Catégories : Actualités

 Au départ, il y a une photographie de Jeff Wall montrant un homme noir de dos, dans une pièce surchargée d’affaires, éclairée de centaines d’ampoules. Puis, il y a l’envie commune de Bernado Montet, directeur ...

Au départ, il y a une photographie de Jeff Wall montrant un homme noir de dos, dans une pièce surchargée d’affaires, éclairée de centaines d’ampoules. Puis, il y a l’envie commune de Bernado Montet, directeur du CCNT (Centre chorégraphique national de Tours) et de Thomas Ferrand, jeune metteur en scène, adepte des performances, de monter une oeuvre scénique autour du thème de l’espace et de la place de l’Homme dans la société.

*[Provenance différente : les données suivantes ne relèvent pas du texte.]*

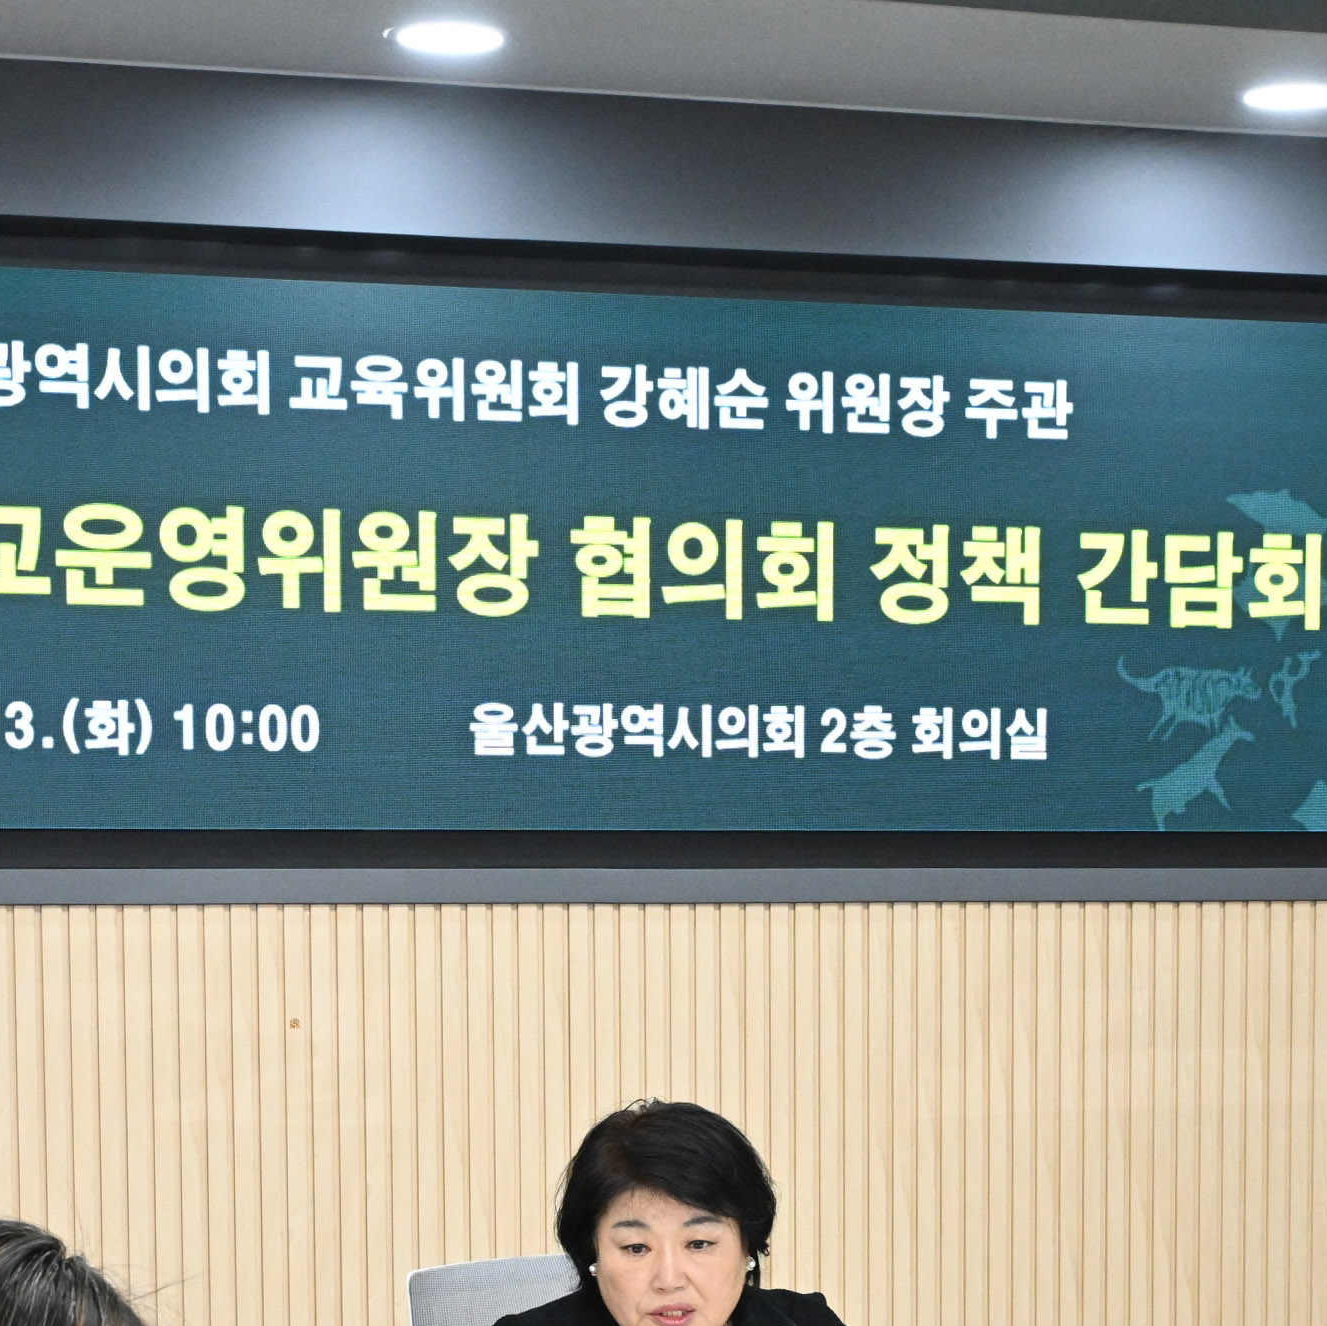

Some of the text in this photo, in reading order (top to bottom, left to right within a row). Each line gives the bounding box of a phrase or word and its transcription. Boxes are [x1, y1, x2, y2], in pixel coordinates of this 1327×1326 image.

[288, 354, 579, 426] 교육위원회
[600, 364, 769, 430] 강혜순
[785, 371, 951, 438] 위원장
[964, 378, 1074, 440] 주관
[570, 515, 834, 622] 협의회
[870, 524, 1041, 626] 정책
[1077, 529, 1323, 631] 간담회
[173, 703, 321, 752] 10:00
[469, 702, 1048, 760] 울산광역시의회 2층 회의실
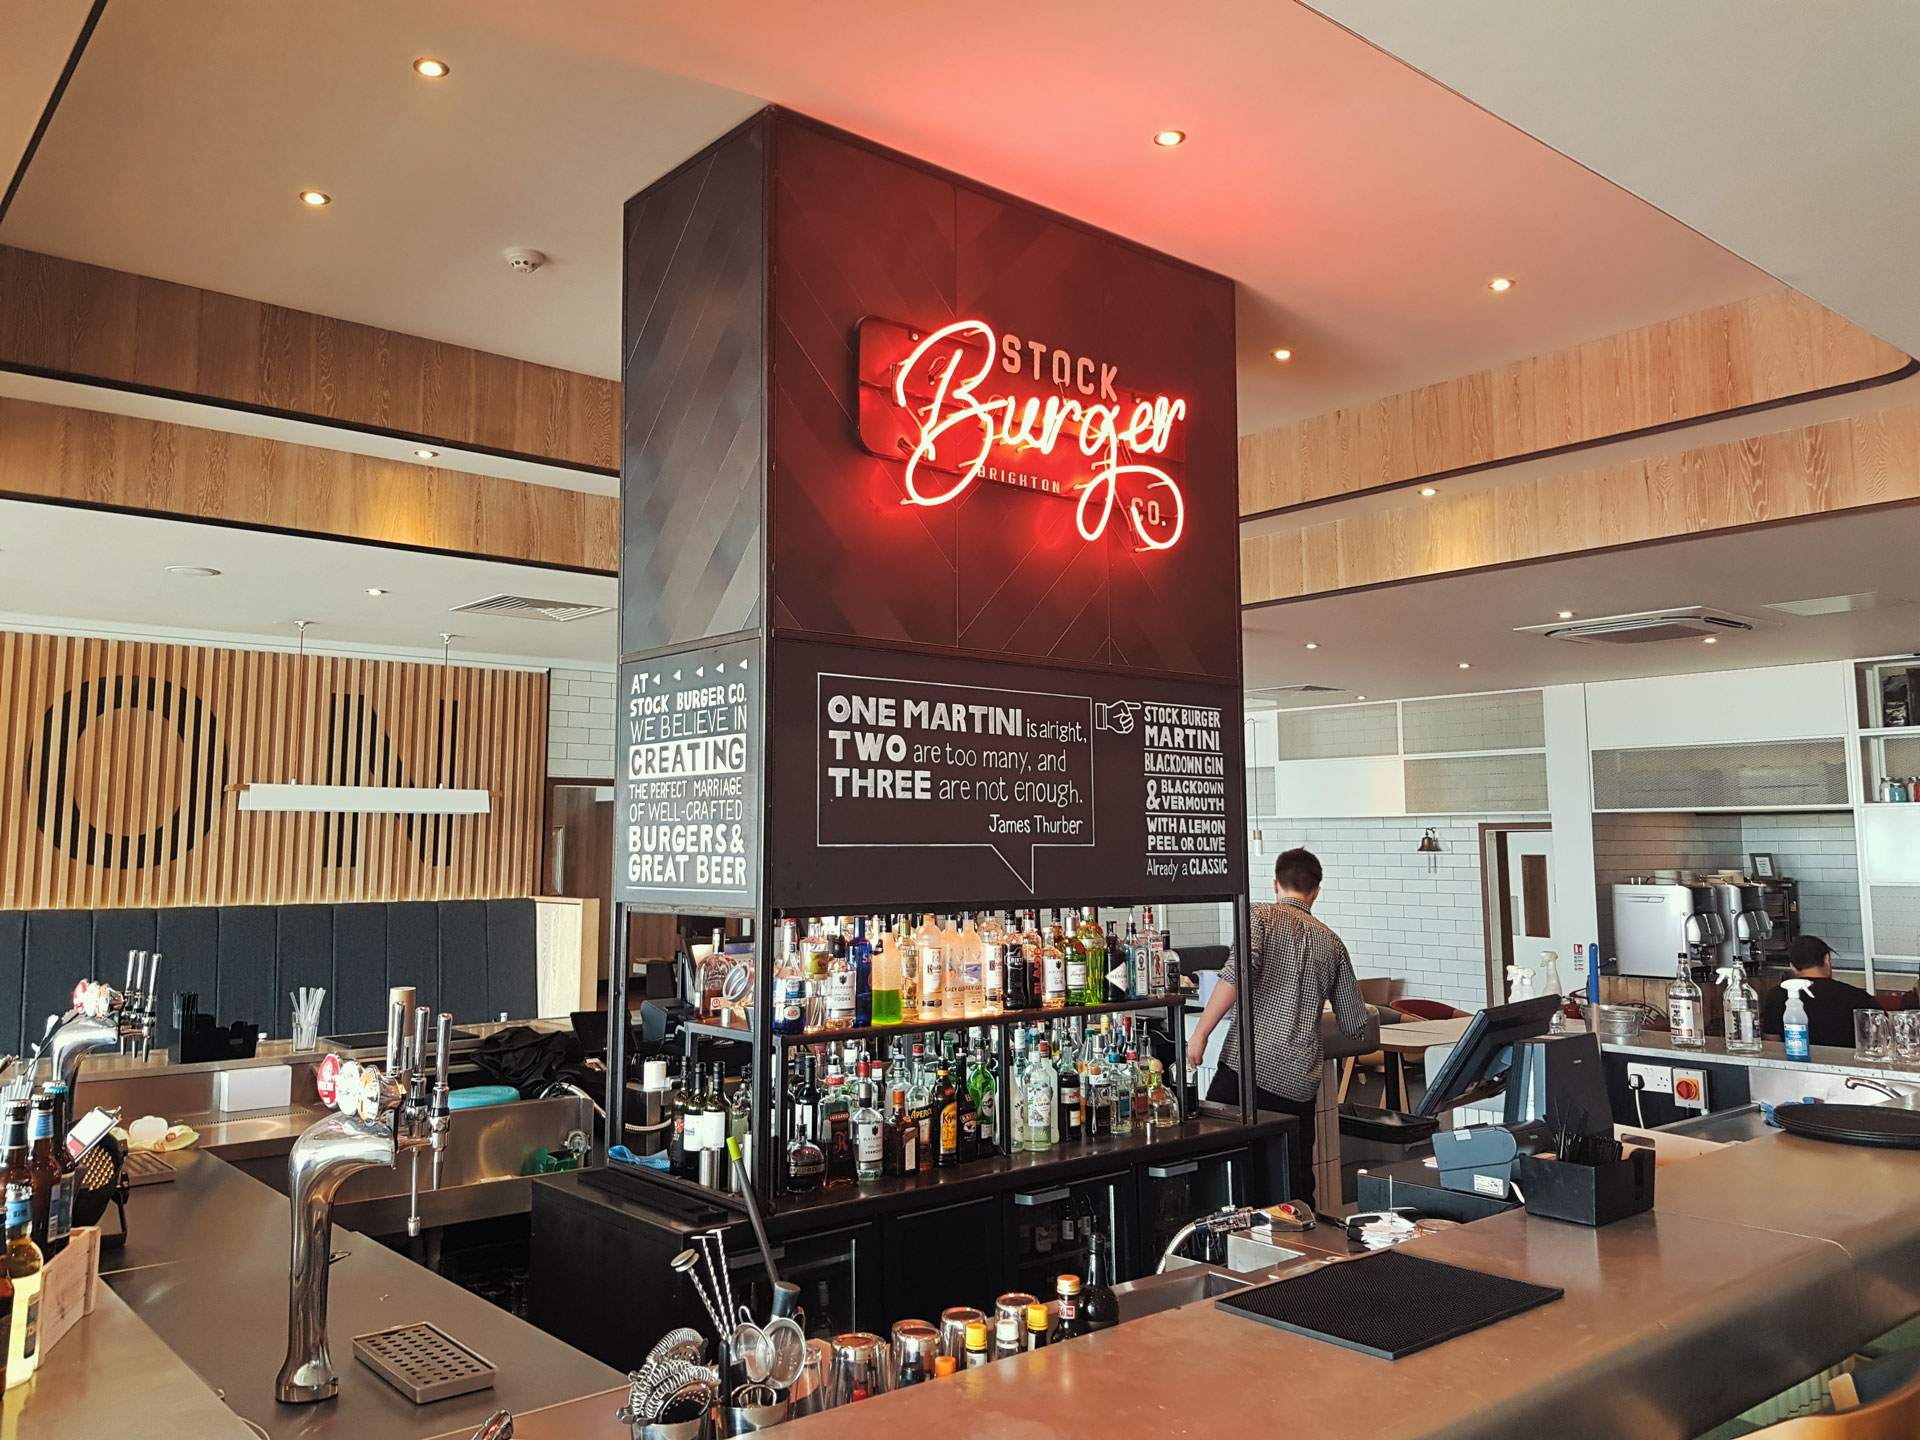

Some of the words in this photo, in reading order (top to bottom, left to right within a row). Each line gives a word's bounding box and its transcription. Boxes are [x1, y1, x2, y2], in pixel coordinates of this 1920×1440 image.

[1002, 334, 1118, 402] STOCK
[896, 320, 1186, 549] Burger
[977, 465, 1061, 494] BRIGHTON
[1131, 497, 1167, 526] CO.
[631, 673, 649, 695] AT
[630, 694, 670, 717] STOCK
[677, 685, 725, 711] BURGER
[728, 683, 747, 704] CO.
[630, 717, 656, 744] WE
[660, 707, 729, 739] BELIEVE
[734, 704, 747, 730] IN
[827, 695, 896, 727] ONE
[903, 699, 1022, 737] MARTINI
[1026, 718, 1037, 738] is
[1039, 720, 1087, 743] alright,
[1144, 706, 1180, 725] STOCK
[1181, 708, 1221, 728] BURGER
[828, 730, 907, 762] TWO
[913, 744, 941, 764] are
[945, 742, 977, 766] too
[983, 751, 1032, 774] many,
[1037, 749, 1066, 772] and
[1145, 725, 1220, 751] MARTINI
[631, 737, 744, 776] CREATING
[1144, 752, 1202, 774] BLACKDOWN
[1204, 756, 1224, 775] GIN
[629, 783, 648, 799] THE
[650, 780, 687, 799] PERFECT
[693, 777, 742, 797] MARRIAGE
[828, 767, 932, 800] THREE
[939, 779, 970, 800] are
[976, 777, 1009, 801] not
[1014, 780, 1083, 808] enough.
[1146, 779, 1160, 810] &
[1161, 779, 1224, 795] BLACKDOWN
[629, 802, 645, 822] OF
[648, 799, 742, 822] WELL-CRAFTED
[1161, 795, 1225, 811] VERMOUTH
[628, 823, 727, 853] BURGERS
[730, 824, 745, 853] &
[989, 814, 1030, 834] James
[1033, 815, 1083, 834] Thurber
[1146, 817, 1177, 833] WITH
[1179, 818, 1187, 833] A
[1188, 819, 1226, 835] LEMON
[1147, 835, 1179, 851] PEEL
[1180, 837, 1195, 851] OR
[1196, 836, 1226, 852] OLIVE
[628, 853, 689, 882] GREAT
[696, 855, 747, 885] BEER
[1146, 857, 1178, 882] Already
[1181, 863, 1188, 875] a
[1189, 858, 1228, 875] CLASSIC
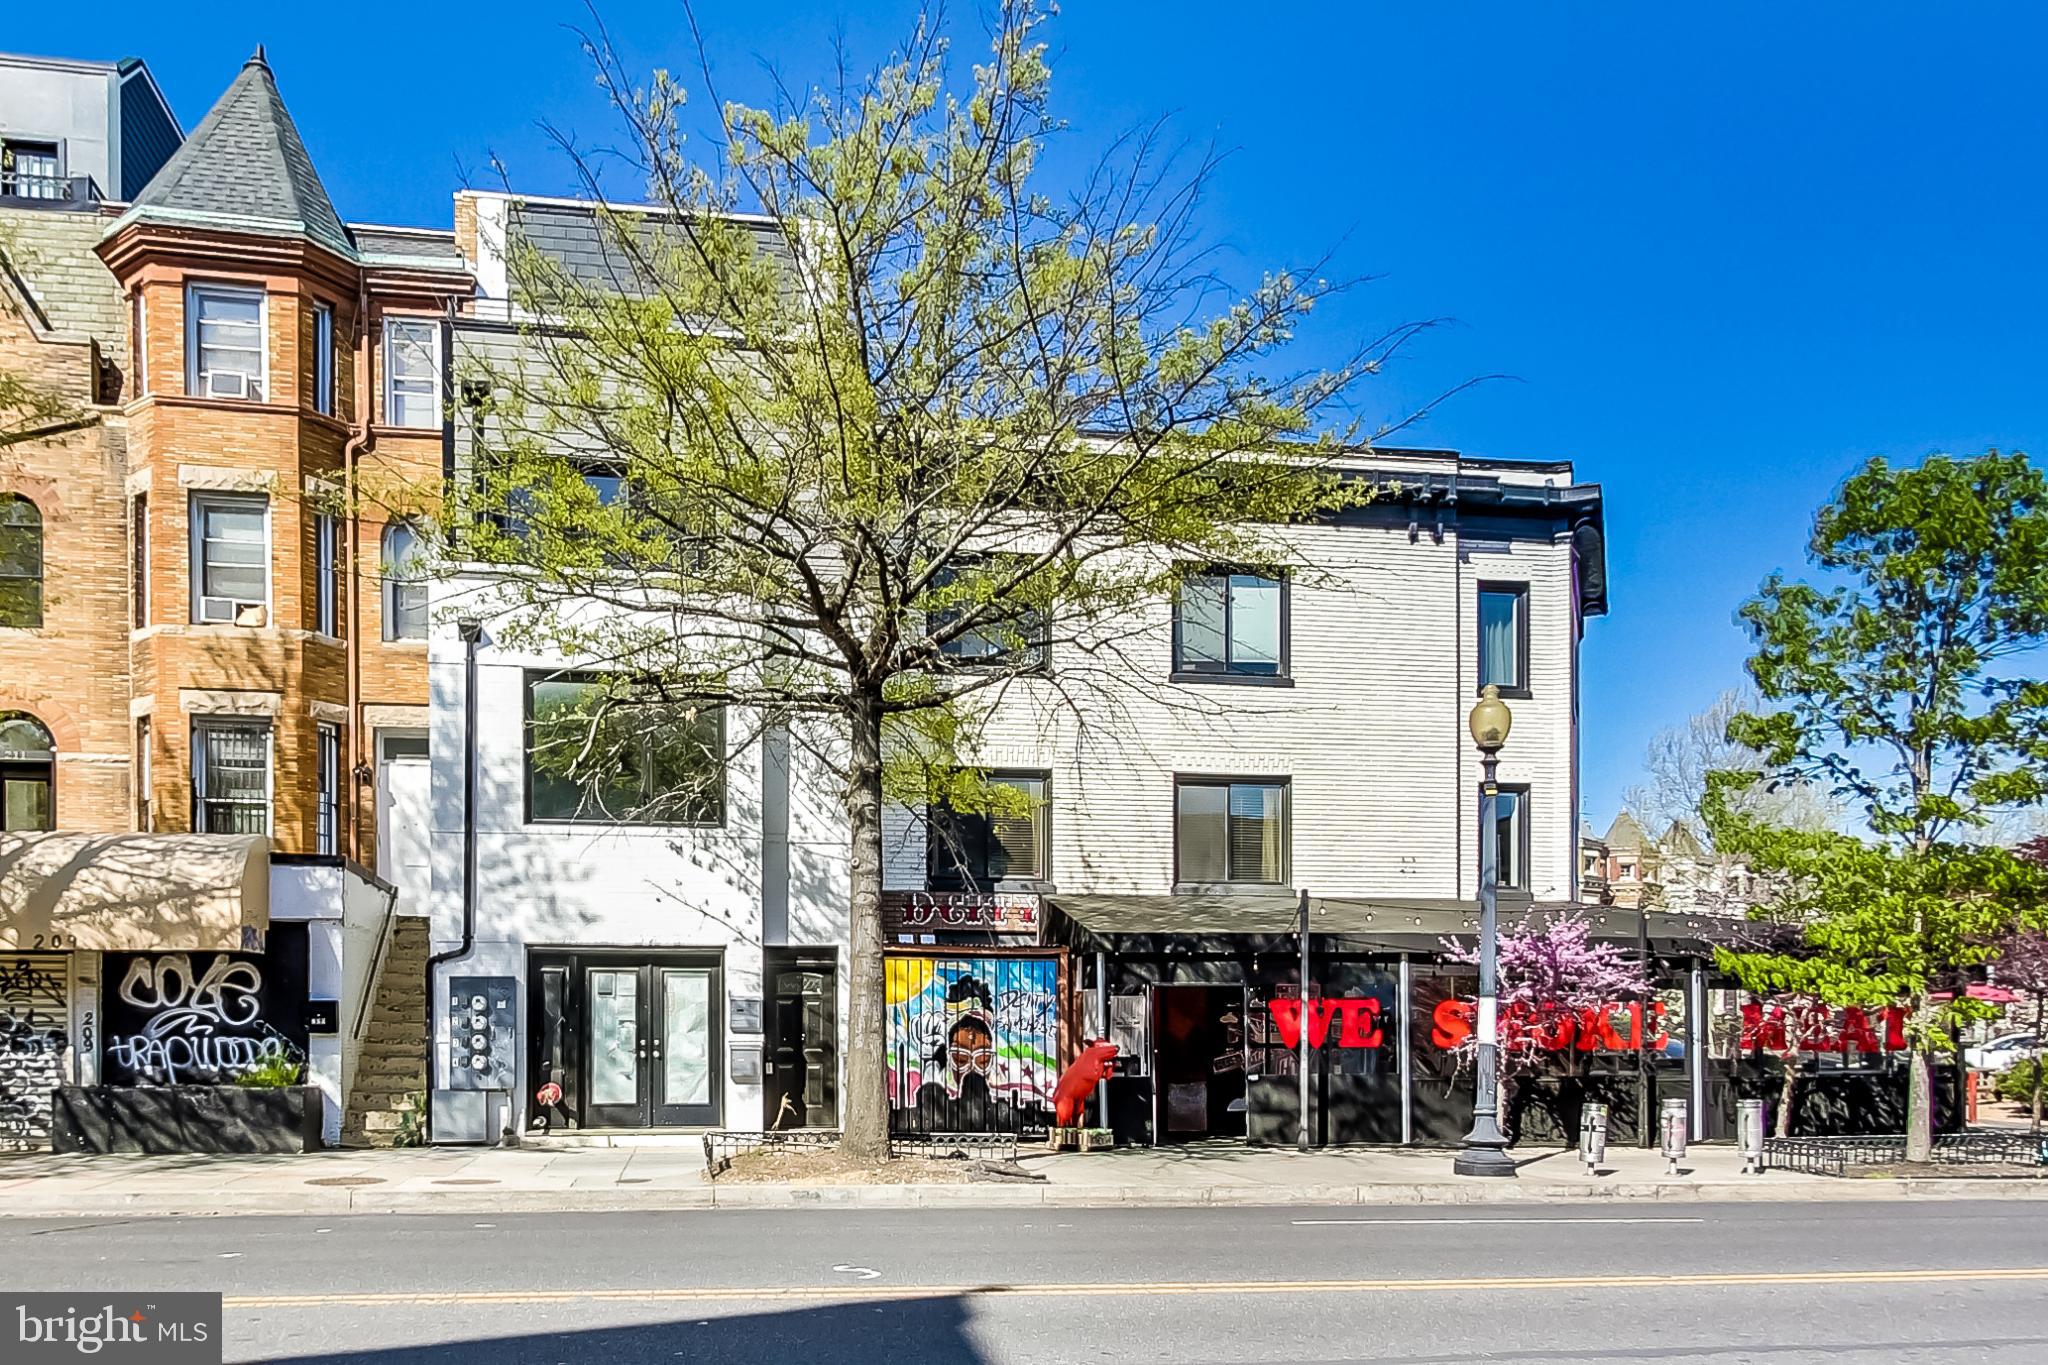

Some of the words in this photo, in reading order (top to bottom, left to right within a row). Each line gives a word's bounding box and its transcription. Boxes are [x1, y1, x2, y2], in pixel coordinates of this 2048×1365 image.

[33, 934, 77, 949] 209
[82, 1012, 94, 1052] 209
[1268, 998, 1383, 1049] WE

Quand sommes-nous visibles ? Comment devenons nous invisibles à l’autre ? Bernardo Montet occupe la scène contemporaine depuis bientôt trente ans, autant dire que son talent n’est plus à prouver et qu’il peut risquer des expériences originales. Thomas Ferrand, lui, est un jeune créateur marseillais de 26 ans dont l’appétit pour défier les limites du corps, de l’espace et de la création lui donne des ailes pour oser.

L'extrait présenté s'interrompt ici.